I took my usual seat near the window, pulling out my practice materials like nothing was different. Like I hadn't spent Saturday night in a hospital bed. Like the whole school wasn't dissecting every detail of what happened.
Logan slid into the seat next to me, deliberately casual. "So, rumor is the school's going to issue a formal disciplinary statement this week."
I didn't respond, just opened my notebook to a fresh page. My handwriting was still shaky with my left hand, but I'd been practicing. Had to keep practicing.
"Tyler's suspended pending investigation," Logan continued, apparently determined to fill the silence. "Blake and his crew are laying low. Nobody wants to be associated with this mess."
Through the window, I watched a secretary from the administration building cross the courtyard, carrying a box. Probably collecting Tyler's belongings from his locker. The physical evidence of his removal.
My desk still had the clutter of a working student—practice problem sets, a Bic pen nearly out of ink, the plastic water bottle I refilled at every fountain. Tyler's desk, three rows over, sat empty except for a forgotten TI-89 calculator.
The door opened and Coach Anderson walked in, his expression professionally neutral. "Good morning, everyone. I know there's been a lot of talk this weekend, but we have a mock exam coming up, and I expect all of you to stay focused on your preparation."
He didn't mention Tyler by name. Didn't need to. We all knew what he meant.

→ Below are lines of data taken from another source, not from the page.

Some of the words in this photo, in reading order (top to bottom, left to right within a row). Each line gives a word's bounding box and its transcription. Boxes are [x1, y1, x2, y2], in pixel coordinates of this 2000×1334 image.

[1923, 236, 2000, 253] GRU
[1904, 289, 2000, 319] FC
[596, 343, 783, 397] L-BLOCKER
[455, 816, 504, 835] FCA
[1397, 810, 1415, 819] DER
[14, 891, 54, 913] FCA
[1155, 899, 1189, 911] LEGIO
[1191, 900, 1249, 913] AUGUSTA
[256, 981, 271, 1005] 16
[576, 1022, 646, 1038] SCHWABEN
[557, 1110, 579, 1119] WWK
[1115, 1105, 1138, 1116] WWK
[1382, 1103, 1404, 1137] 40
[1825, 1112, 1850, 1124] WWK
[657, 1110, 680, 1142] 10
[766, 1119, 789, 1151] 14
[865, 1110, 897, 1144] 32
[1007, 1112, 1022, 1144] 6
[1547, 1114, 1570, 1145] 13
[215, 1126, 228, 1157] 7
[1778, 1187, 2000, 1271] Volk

The morning passed in a strange haze of normalcy. Problems on the board. Quiet scratch of pencils. The occasional question from a student brave enough to break the silence. I kept my head down, worked through the practice sets, tried to ignore the way people kept glancing at my bandaged arm.
At lunch, Logan tried to get me to join him in the cafeteria, but I shook my head. The thought of all those eyes, all those whispers, made my skin crawl. Instead, I stayed in the classroom, pulling out the sandwich Summer had left in my locker that morning—turkey and swiss on wheat bread, wrapped carefully in wax paper with a note that just said "Eat. -S"

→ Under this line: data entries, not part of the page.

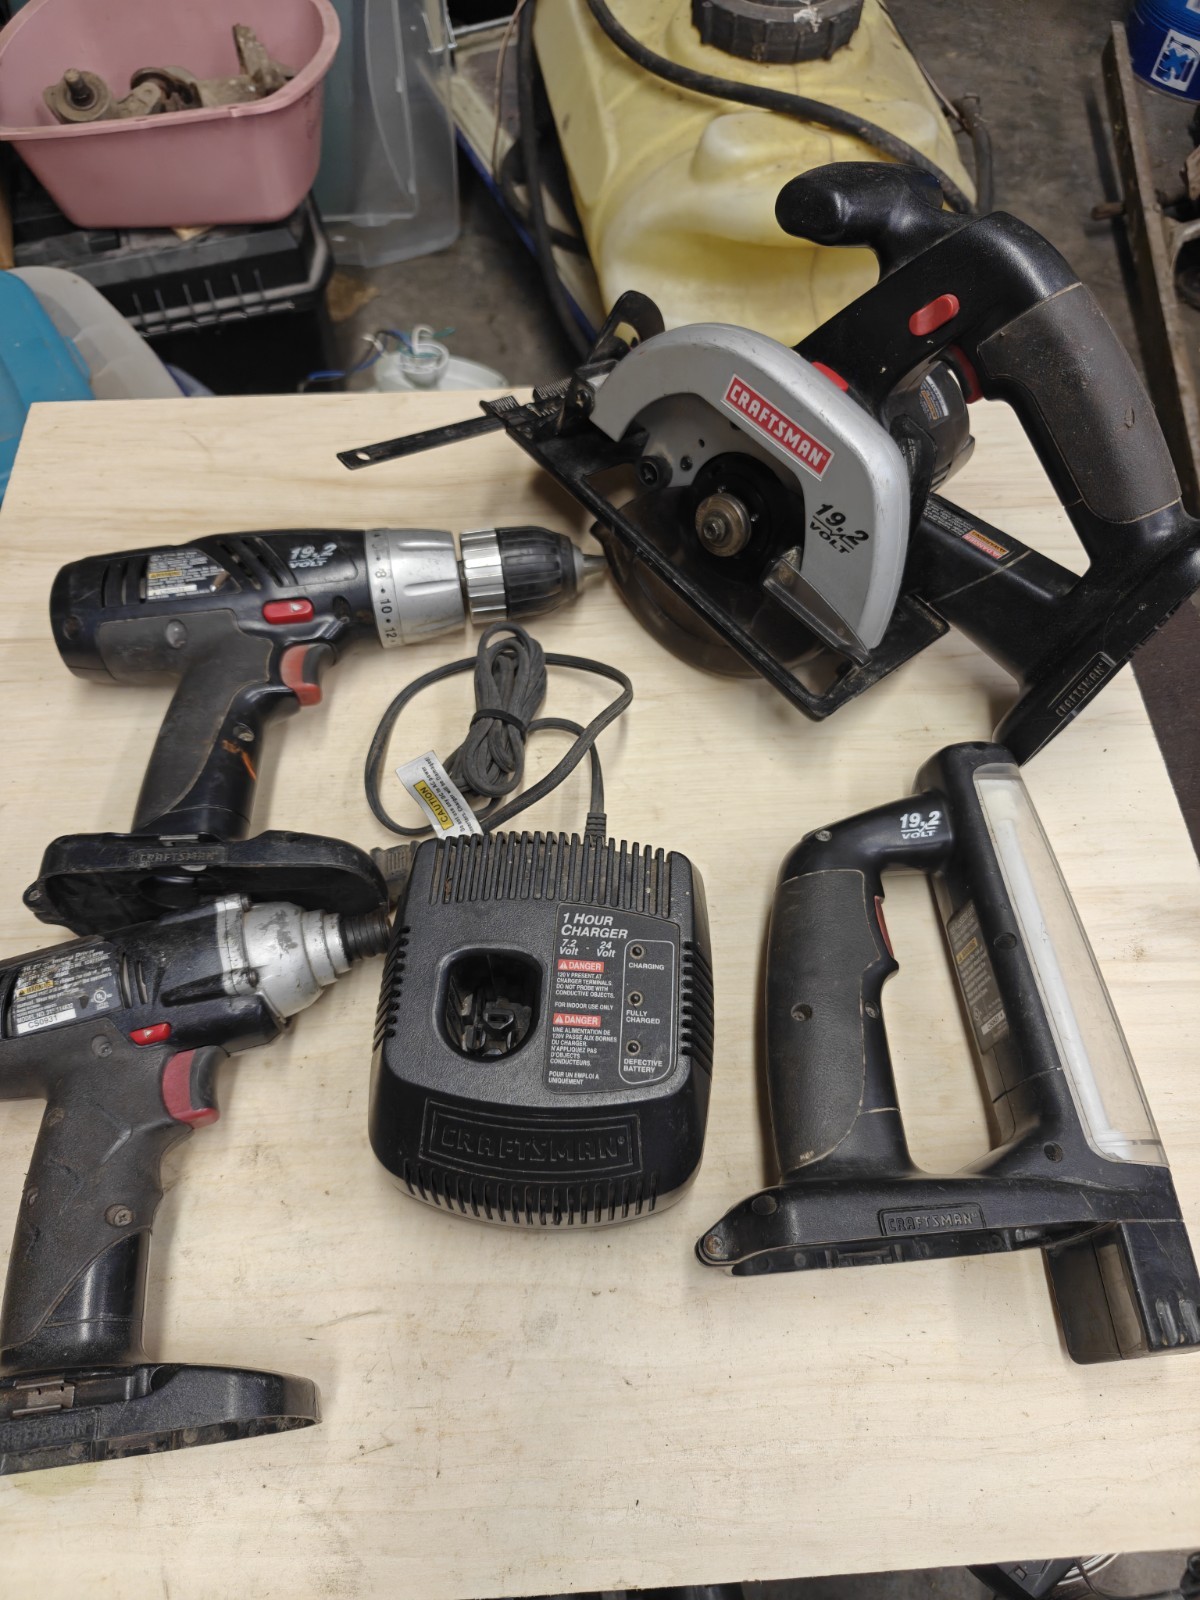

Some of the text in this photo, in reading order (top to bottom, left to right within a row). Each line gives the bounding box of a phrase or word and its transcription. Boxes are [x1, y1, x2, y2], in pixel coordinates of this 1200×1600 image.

[730, 385, 823, 466] CRAFTSMAN
[815, 503, 869, 546] 19.2
[809, 522, 850, 554] VOLT
[290, 542, 337, 559] 19.2
[288, 560, 328, 568] VOLT
[380, 598, 393, 614] 10
[385, 627, 397, 639] 12
[1056, 665, 1105, 716] CRAFTSMAN
[420, 786, 448, 822] CAUTION
[900, 810, 941, 829] 19.2
[902, 830, 936, 839] VOLT
[563, 912, 613, 926] 1 HOUR
[561, 924, 628, 939] CHARGER
[562, 939, 612, 949] 7.2 24
[560, 946, 579, 956] Volt
[597, 949, 616, 958] Volt
[569, 962, 601, 971] DANGER
[628, 962, 664, 970] CHARGING
[565, 1015, 598, 1025] DANGER
[626, 1016, 660, 1024] CHARGED
[624, 1058, 662, 1067] DEFECTIVE
[441, 1124, 618, 1162] CRAFTSMAN
[888, 1214, 972, 1232] CRAFTSMAN

I was halfway through it when someone knocked on the doorframe.
Mrs. Riley Ashford stood in the hallway, looking nothing like I'd expected. She was dressed impeccably—Cartier bracelet catching the light, engagement ring that probably cost more than my mother's annual salary—but her eyes were red-rimmed, her makeup slightly smudged. She looked like she'd been crying.
"Kieran," she said softly. "May I speak with you for a moment?"